Still, the health worries have brought into focus the delicate issue of the succession. Following in King Bhumibol's wake are a son and three daughters: the Crown Prince; Princess Ubol Rattana, 48, recently divorced from an American commoner; the widely popular Crown Princess Sirindhorn, 44, who is single; and Princess Chulabhorn, 42. A loosely worded amendment to the constitution in 1972 allows a female to become monarch. But it is not relevant today as the heir is male.

The 47-year-old Crown Prince has increasingly taken over the ceremonial duties of his father in recent years, and features regularly in media coverage of official functions. Nowadays, he is often seen in the company of his consort, Princess Soamsawali, by whom he has one daughter, Princess Bhajara. The household also includes Mom Chao Siriwan, a daughter with Yuwatida Pholprasert, who also bore him four sons.

That relationship came to an acrimonious end in 1996. In a tersely worded statement, then-prime minister Banharn Silapa-archa said the government had dismissed Air Chief Marshall Anand Rodsamkhan, then 60, who had been posted to the crown prince's palace. Anand would not be welcome back in Thailand, the premier said. No reason was given for the dismissal. Anand and Yuwatida, with her four sons, left to live in Britain. Today, the Crown Prince has put the incident behind him.

Unlike his father, the prince was prepared from birth to sit on the throne. Mostly educated abroad, he spent time at the Royal Australian Military College at Duntroon and trained with the Special Air Service regiment in Perth. He is an accomplished and enthusiastic pilot and, as a member of the Royal Thai Air Command, holds the rank of general. He has also spent time studying international affairs at Imperial College London.

Both the Crown Prince and Princess Sirindhorn have elevated royal titles. That of the Crown Prince was awarded in 1972, formally setting out his rights to the throne on his coming of age at 21. His suffix of Chakri Nares Yupharaj Visuth Siam Makut Rajakumar states his claim to the Chakri line and the crown of Siam. The promotion of Princess Sirindhorn, granted in 1977, gave her the title Maha Chakri. She has the suffix Siam Borom Rajakumari, which echoes the prince's title, but not his right to the crown.

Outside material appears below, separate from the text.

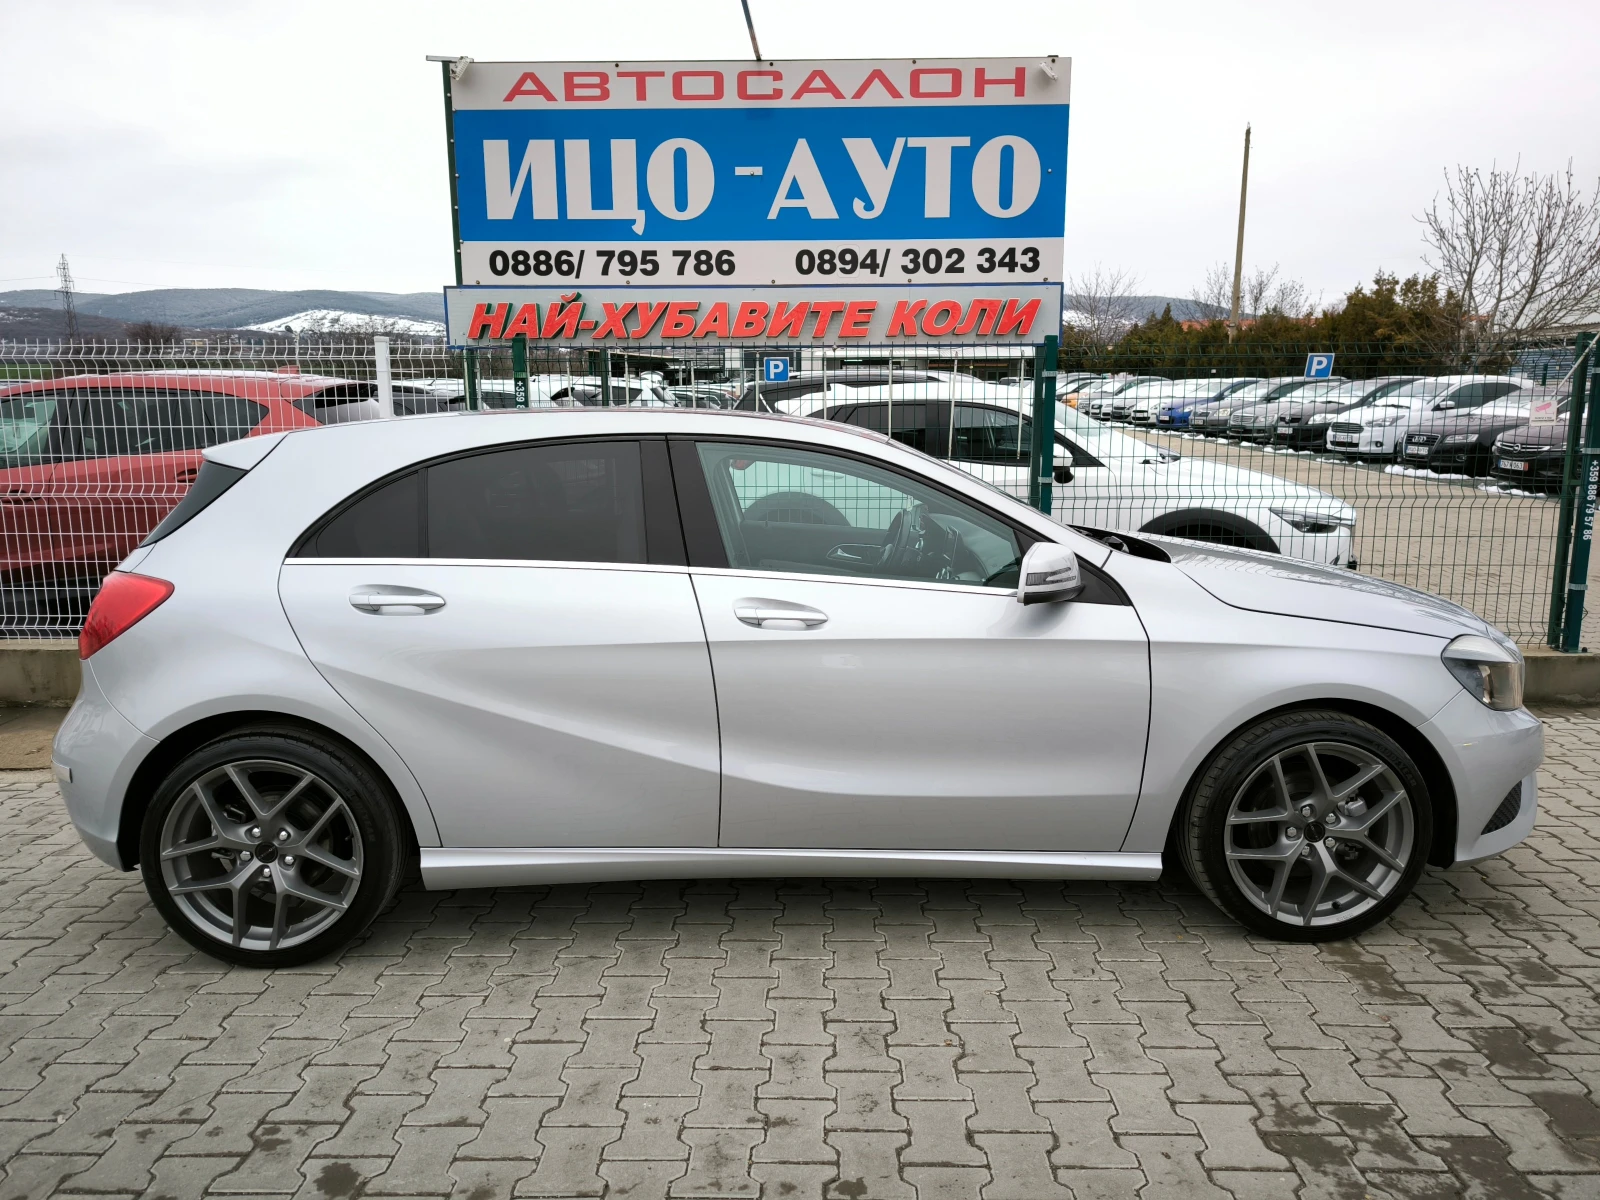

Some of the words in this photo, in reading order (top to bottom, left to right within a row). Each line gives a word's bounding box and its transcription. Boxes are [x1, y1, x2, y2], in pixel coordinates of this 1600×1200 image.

One of King Bhumibol's traits is his fondness for giving advice at what he sees as the appropriate time. His most recent gift to the nation, published last year, was The Story of Mahajanaka, which he authored (it has sold over 600,000 copies). Taken from old Buddhist scriptures, it is a tale of the need for perseverance in adversity. As King Bhumibol tells it, a ship belonging to King Mahajanaka capsizes in a storm while en route to seek wealth in the Land of Suvarnabhumi. The others on board fall prey to sea creatures. But Mahajanaka, refusing to call for help from the gods, is rescued after seven days and seven nights by the goddess Mani Mekhala. Eventually ascending the throne at the City of Mithila, he goes on to found a university based on the concept of respect for nature.

The Story of Mahajanaka is a fitting message for Thais as they negotiate the rough seas whipped up by the economic crisis and their damaging development path. It is also an appropriate reflection of the important work the monarch has done for his country. By staying in tune with his nation's problems, King Bhumibol has proved that even in a rapidly changing world, a royal family can have genuine relevance and a role to play.

The royal family is expected to gather to celebrate the King's 72nd birthday on Dec. 5. As they too mark the day, the Thai people will be hoping their monarch will be among them to celebrate his seventh-cycle birthday in 12 years' time. Thailand is on the road to recovery, but with worries about the future, the King's subjects will continue to rely on his guidance.